«La vida de Adele». Reseña

Por • 17 Feb 2014 • Reflectores

La relación amorosa entre Adèle, inexperta, apasionada y ansiosa, y la cerebral Emma, artista en busca de un lugar en el mundo de las galerías parisinas, se hace cada vez más estrecha, abriendo camino a la madurez de ambas.

La vida de Adele

 

Por Fernando Mino/Noticiasnet.mx*

“Soy mujer y estoy contando mi historia”. Adèle, bella joven de 17 años, estudiante de preparatoria y aficionada a la lectura, no logra encontrar satisfacción en sus relaciones ni congeniar con sus amigas obsesionadas por el sexo y los hombres. Una mañana se cruza casualmente con Emma, una llamativa chica de cabello azul, a quien reencontrará después en un bar. La relación amorosa entre Adèle, inexperta, apasionada y ansiosa, y la cerebral Emma, artista en busca de un lugar en el mundo de las galerías parisinas, se hace cada vez más estrecha, abriendo camino a la madurez de ambas, hasta que el desgaste de la relación y sus personalidades cada vez más opuestas terminan por separarlas.

“La misteriosa debilidad de los rostros humanos”. Inspirado en la novela gráfica de Julie Maroh El azul es un color cálido, el cineasta francés de origen tunecino Abdellatif Kechiche (director de La culpa la tiene Voltaire y Venus negra) consigue que su Adèle (una espléndida Adèle Exarchopoulos) viva el relato de su proceso de iniciación erótica y definición existencial en su propio rostro. La película se sostiene en sus tres horas de duración a fuerza de los close-ups de la joven, auténtico lienzo en donde pueden verse la confusión, la curiosidad, el deseo, la pasión, el dolor, todos los sentimientos que se suceden en su camino de autodescubrimiento. El entorno se desdibuja y obedece al personaje. Adèle es auténticamente quien guía la cámara y va abriendo el mundo conforme lo descubre. Cine en primera persona.

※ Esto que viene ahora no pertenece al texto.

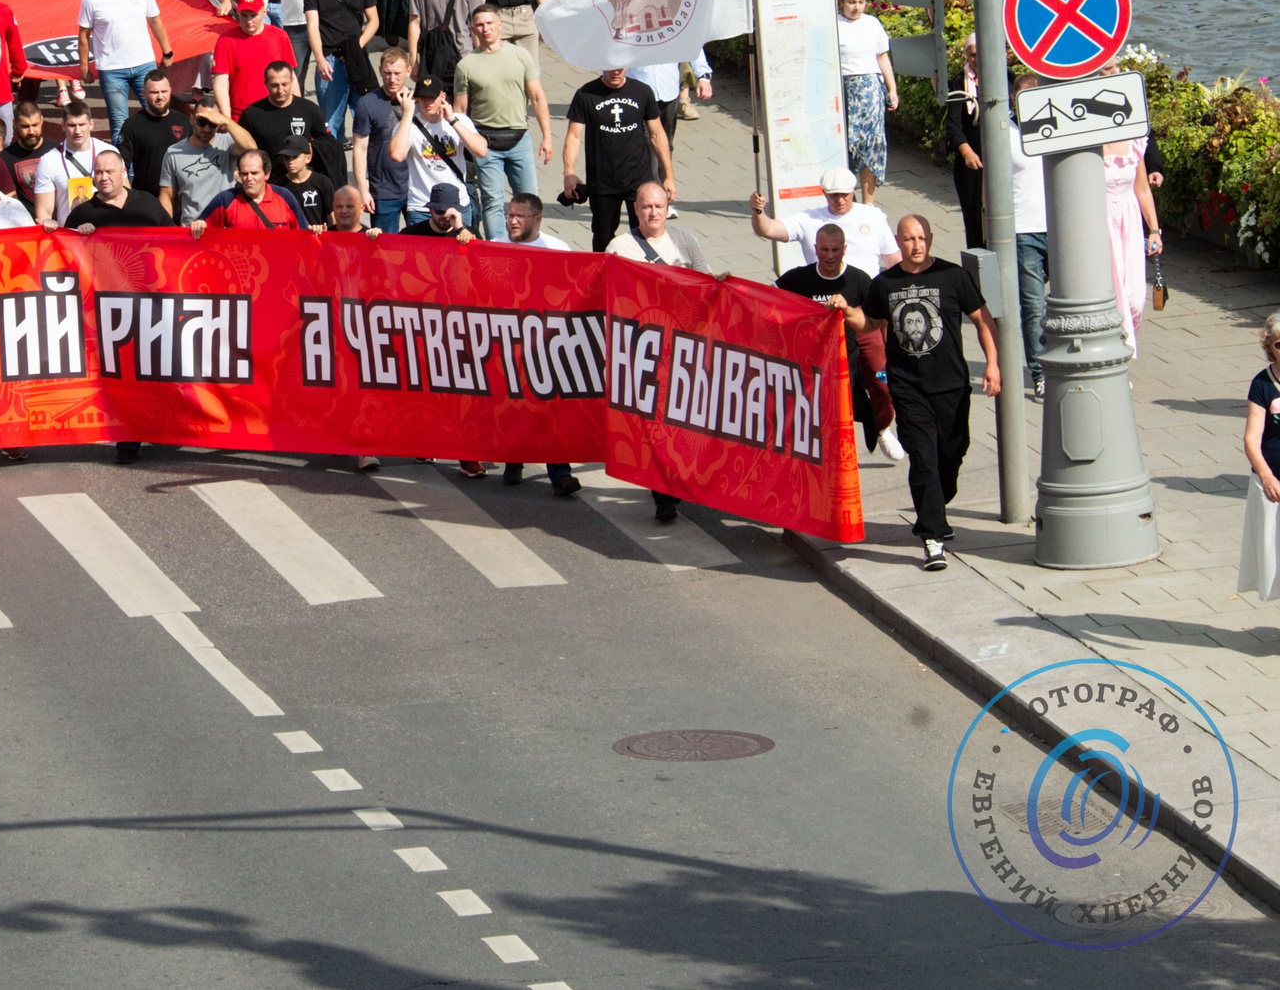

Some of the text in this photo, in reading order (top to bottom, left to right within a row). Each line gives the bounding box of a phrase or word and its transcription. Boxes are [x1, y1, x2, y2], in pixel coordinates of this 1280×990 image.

Crecer es una revolución y no hay revolución que no sea sexual. Hay un gozoso desparpajo en la descripción de la vida sexual de Adèle, del descubrimiento de su cuerpo como extensión de sí misma, de sus ideas, de sus deseos, pero también de sus fracasos. Emma (Léa Seydoux) le descubre el mundo, a través del sexo, pero también de su militancia gay y de la pintura; mientras posa para amante, Adèle acaba de adueñarse de su propio cuerpo, el mismo que será la causa de su rompimiento (como se siente sola, busca la compañía sexual de un compañero de trabajo), el mismo que no será ya suficiente para reconquistar a Emma, quien para entonces busca una apacibilidad familiar. Cuerpo que para entonces es fuerte como su espíritu, una mujer lista para enfrentarse sola a la vida.

Es interesante que las dos películas ganadoras en el Festival de Cannes del año pasado —La Vida de Adèle, que ganó el premio principal, y la mexicana Heli, con el premio al mejor director— compartan como tema principal el proceso de madurez, la iniciación a la vida y sus complicaciones adyacentes. Más curioso es que cada una llamara la atención mediática por sus contextos, en ambos casos descritos con minuciosa recreación. Mientras Heli escandalizó por su gráfica exposición de la violencia del narcotráfico, La vida de Adèle puede incomodar a ciertos sectores por su muy explícita descripción del intenso vínculo sexual entre las protagonistas. Detalles colaterales que alimentan esta recreación deslumbrante y vital de un relato tan previsible como lo son todas las historias de amor. Acaba de estrenarse en la cartelera comercial, y el martes 18 cierra la Muestra Internacional de Cine en OaxacaCine Alcalá.